記事のポイント
- 事業と生物多様性など「自然資本」との関係性を開示する企業が増えてきた
- 「自然資本」とは植物、動物、空気、水などの天然資源を指す
- キリン、SMBC、花王、KDDIなどがTNFDに対応した情報開示を行う
事業と生物多様性など「自然資本」との関係性を開示する企業がじわり増えてきた。自然関連リスクに関する情報開示フレームワークを提供するTNFD(自然関連財務情報開示タスクフォース)は3月末に最終の草稿版を公開した。事業者から意見を集め、9月に第一版を発行する。(オルタナS編集長=池田 真隆)
KDDIは6月9日、国内通信事業者として初めて自然資本関連リスクをまとめたTNFDレポートを発行した。同社の山下 和保・コーポレート統括本部サステナビリティ経営推進本部長は、5月末に開いた記者会見で、「自然資本と事業の関係性を対外的に開示することは使命だと考えている」と強調した。
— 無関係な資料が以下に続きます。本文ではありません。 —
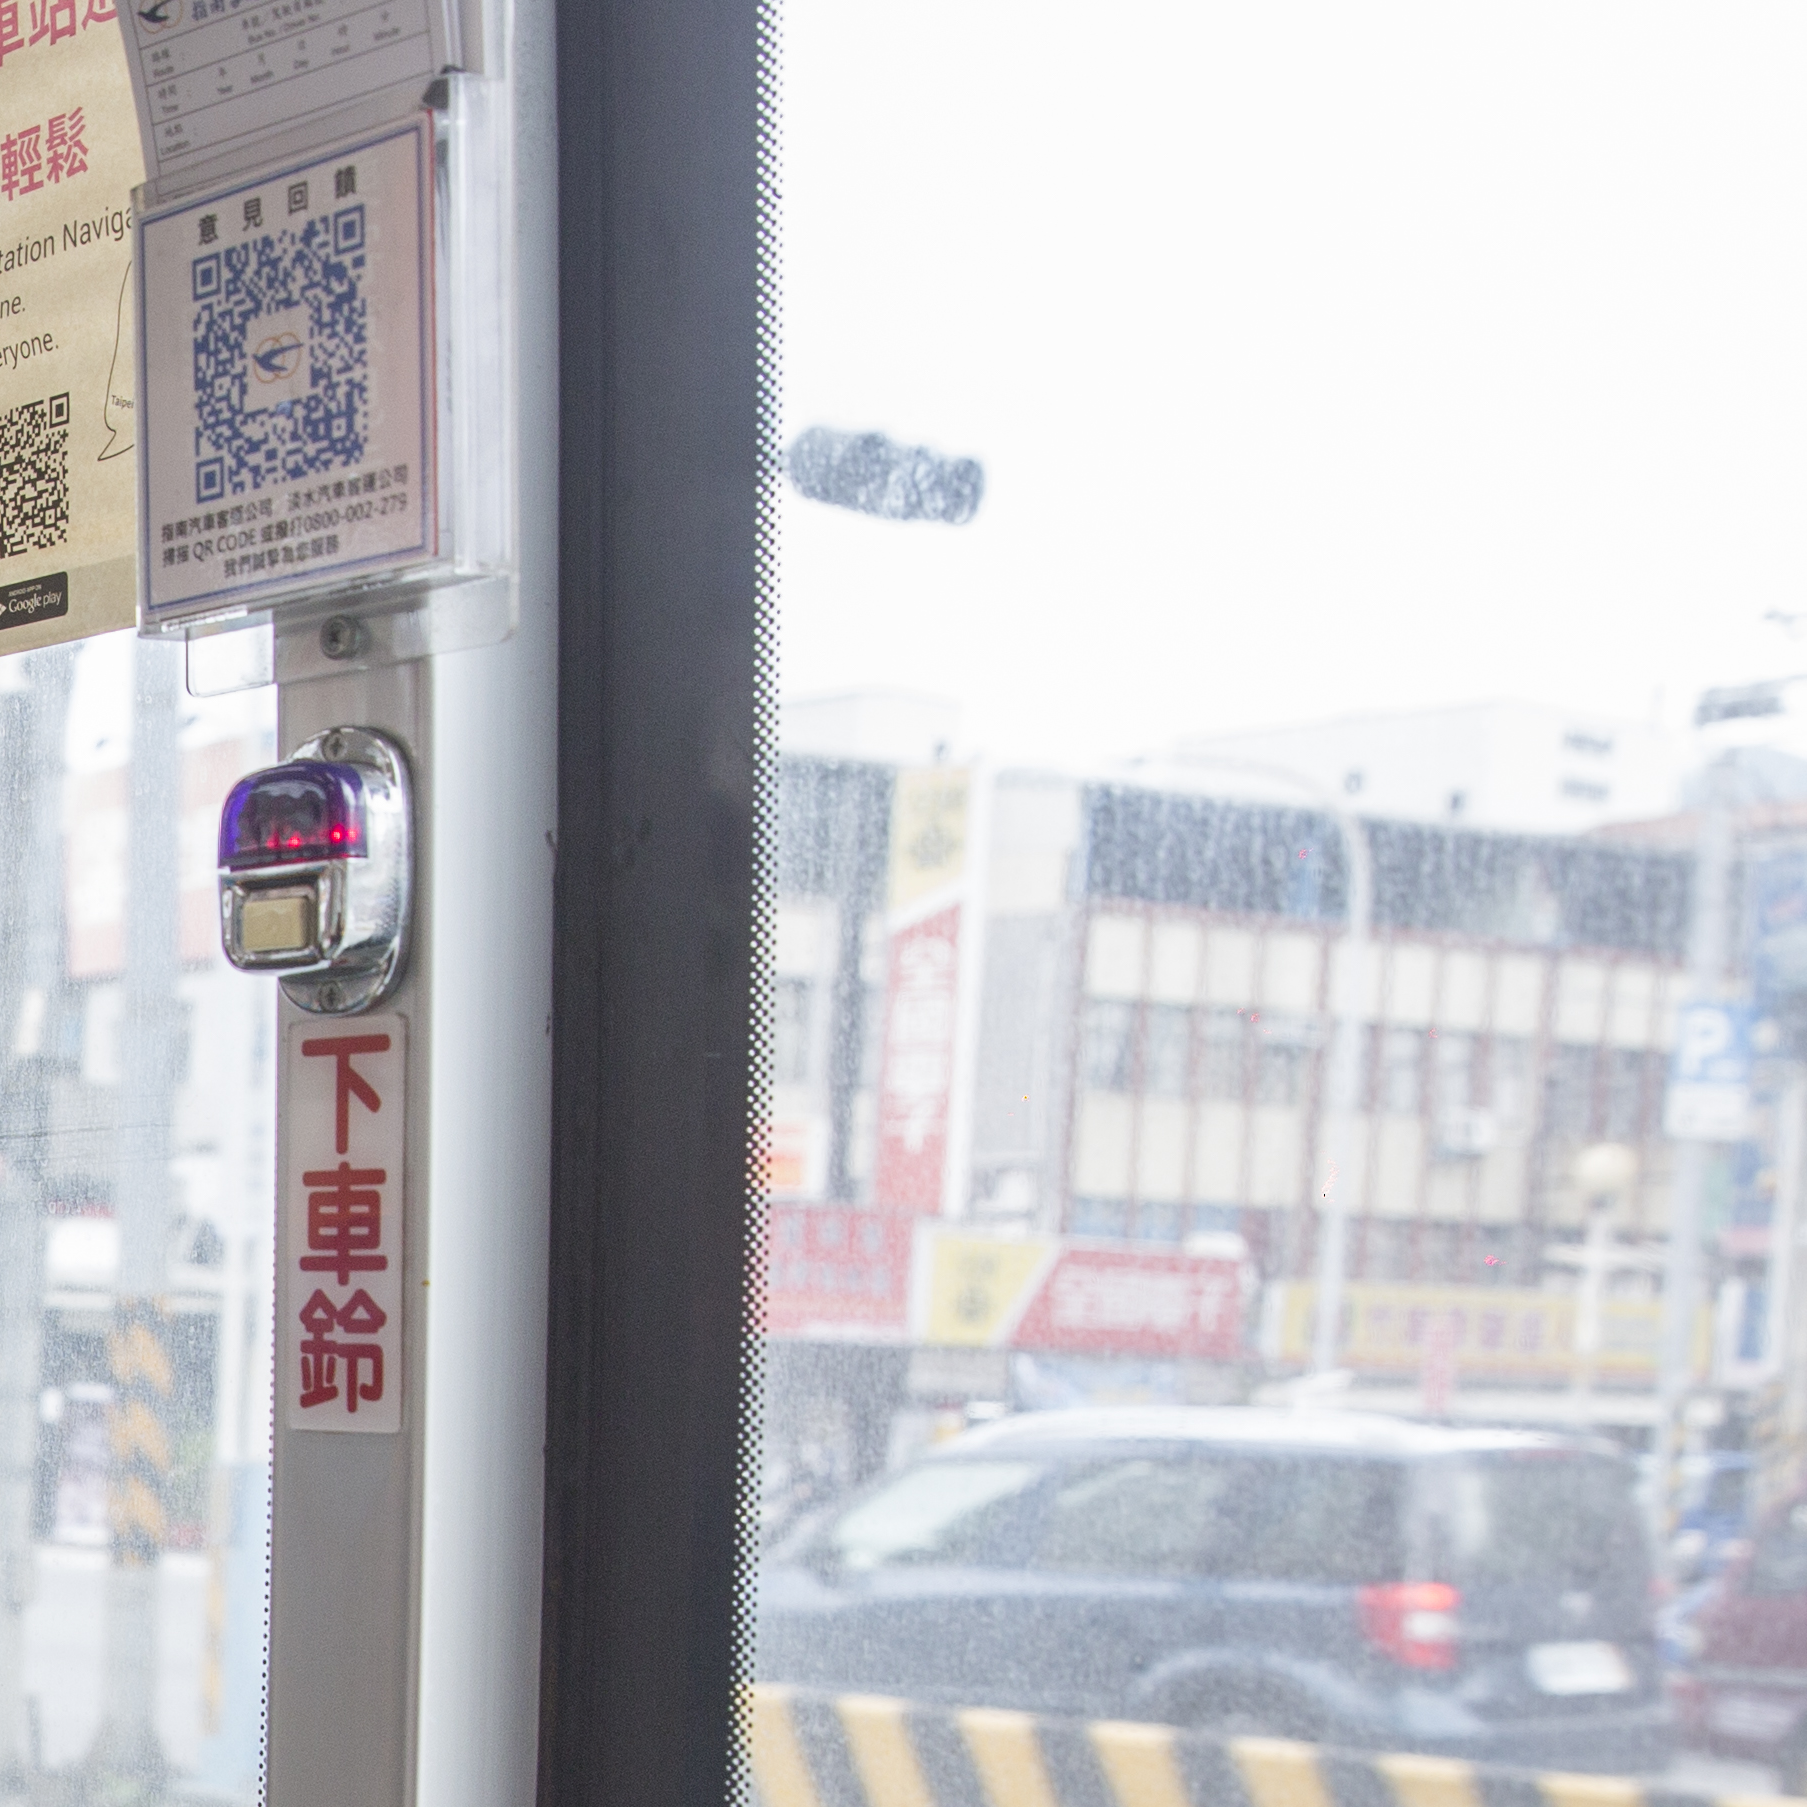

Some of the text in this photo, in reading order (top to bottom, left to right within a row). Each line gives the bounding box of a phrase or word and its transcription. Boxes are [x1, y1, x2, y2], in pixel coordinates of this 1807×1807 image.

「自然資本」とは植物、動物、空気、水などの天然資源を指す。社会経済を支える資本の一つで、経済的価値は年間で世界のGDPの半分以上となる44兆米ドルに及ぶ。
同レポートでは、KDDIの事業が及ぼす生物多様性への依存度と影響、リスクと機会を整理した。同社にとって自然資本に関する主なリスクは、基地局建設や通信ケーブル設置による「土地改変」だ。
土地改変とは、土地の掘削や土壌の採取、開墾などを指す。リスクを減らすため、自然環境に配慮した通信設備の設置などを行う。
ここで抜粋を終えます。